═════ Source information

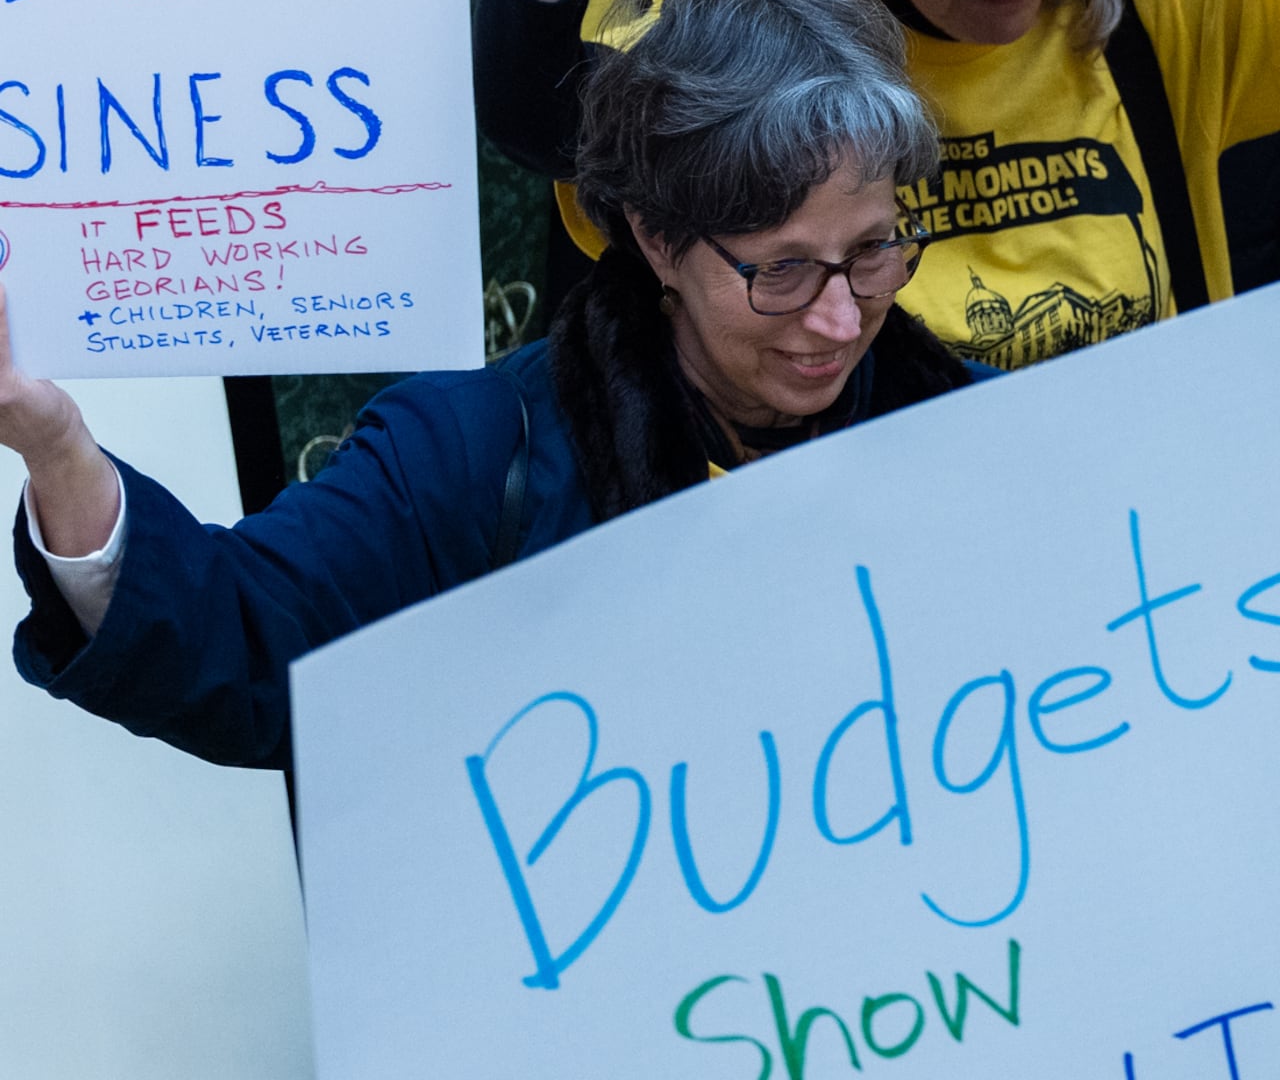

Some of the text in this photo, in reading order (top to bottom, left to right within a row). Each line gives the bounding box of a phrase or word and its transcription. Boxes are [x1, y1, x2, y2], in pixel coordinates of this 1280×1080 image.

[0, 67, 382, 179] SINESS
[943, 147, 1109, 202] MONDAYS
[81, 201, 287, 240] IT FEEDS
[955, 186, 1080, 228] CAPITOL:
[81, 235, 369, 275] HARD WORKING
[86, 266, 285, 302] GEORIANS!
[291, 291, 415, 314] SENIORS
[252, 320, 392, 344] VETERANS
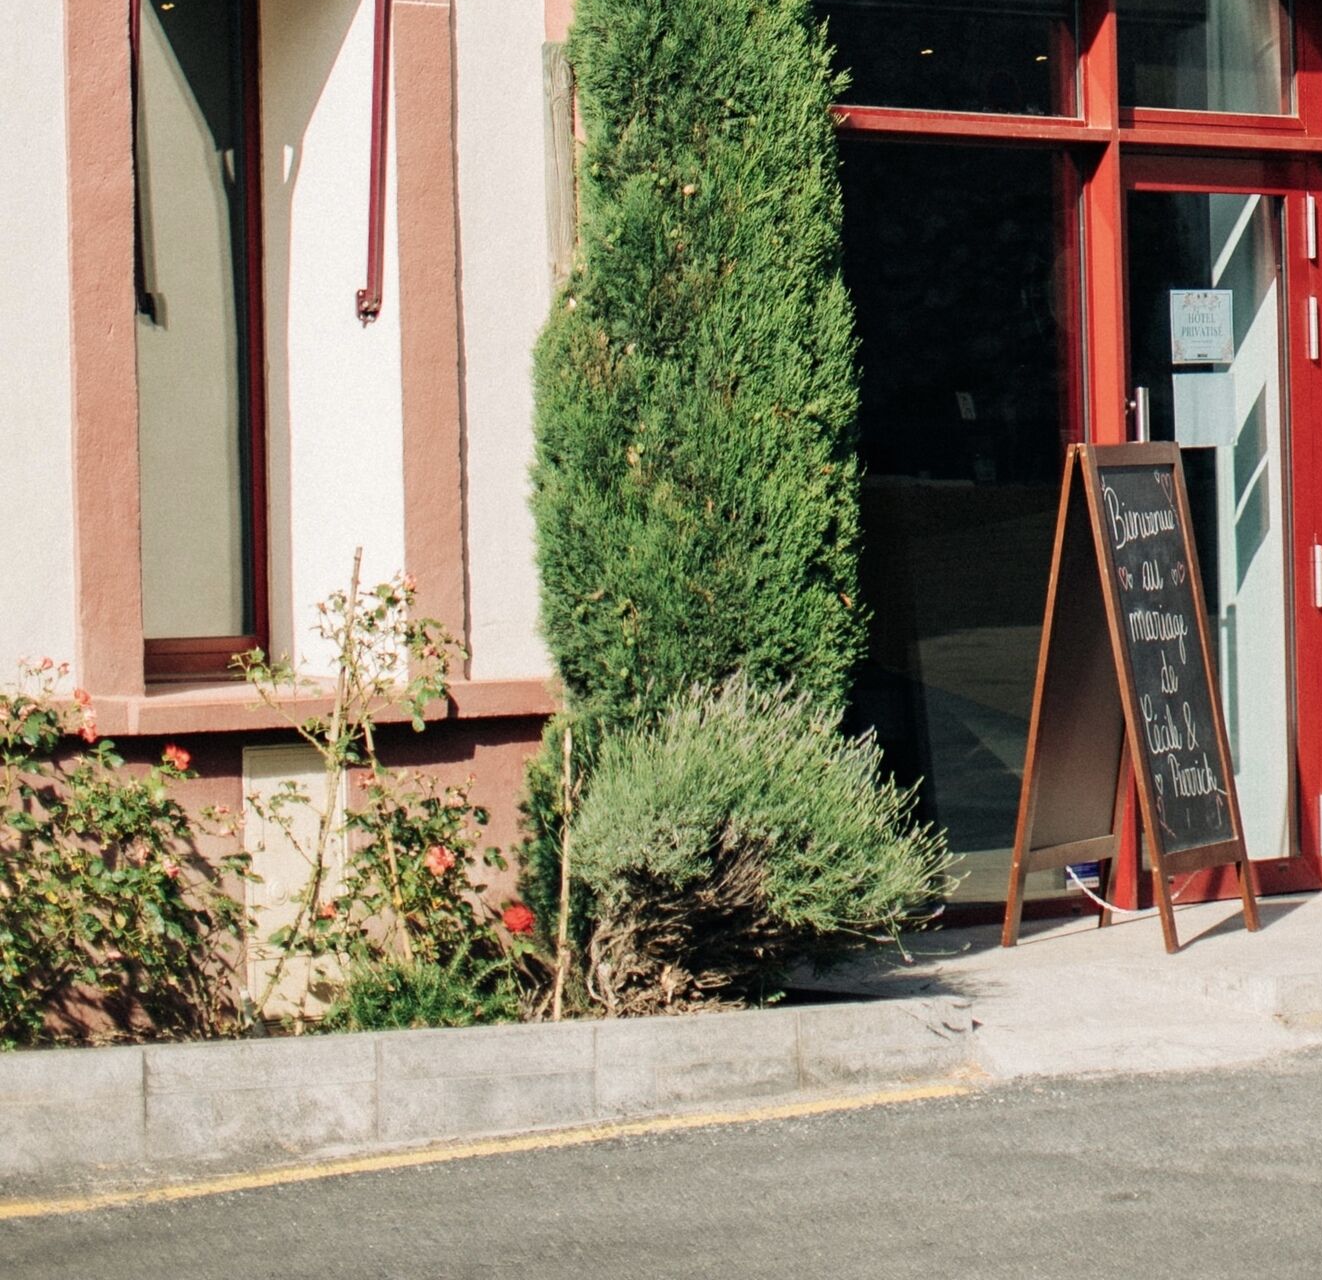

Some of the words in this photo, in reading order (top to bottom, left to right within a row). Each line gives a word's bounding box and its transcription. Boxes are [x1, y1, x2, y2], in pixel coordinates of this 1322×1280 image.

[1103, 486, 1176, 550] Bienvenue
[1142, 560, 1164, 591] au
[1129, 604, 1188, 665] mariage
[1161, 649, 1179, 695] de
[1183, 701, 1200, 751] &

══════════

Give every entry again word for word; no images belong in the copy.

Some of the text in this photo, in reading order (top to bottom, left to right within a row). Each line gives the bounding box of a phrase or word and its transcription. Boxes are [x1, y1, x2, y2], in pixel coordinates of this 1280×1080 image.

[0, 67, 382, 179] SINESS
[943, 147, 1109, 202] MONDAYS
[81, 201, 287, 240] IT FEEDS
[955, 186, 1080, 228] CAPITOL:
[81, 235, 369, 275] HARD WORKING
[86, 266, 285, 302] GEORIANS!
[291, 291, 415, 314] SENIORS
[252, 320, 392, 344] VETERANS

Some of the words in this photo, in reading order (top to bottom, left to right within a row). Each line gives a word's bounding box and its transcription. Boxes are [x1, y1, x2, y2], in pixel coordinates of this 1322×1280 image.

[1103, 486, 1176, 550] Bienvenue
[1142, 560, 1164, 591] au
[1129, 604, 1188, 665] mariage
[1161, 649, 1179, 695] de
[1183, 701, 1200, 751] &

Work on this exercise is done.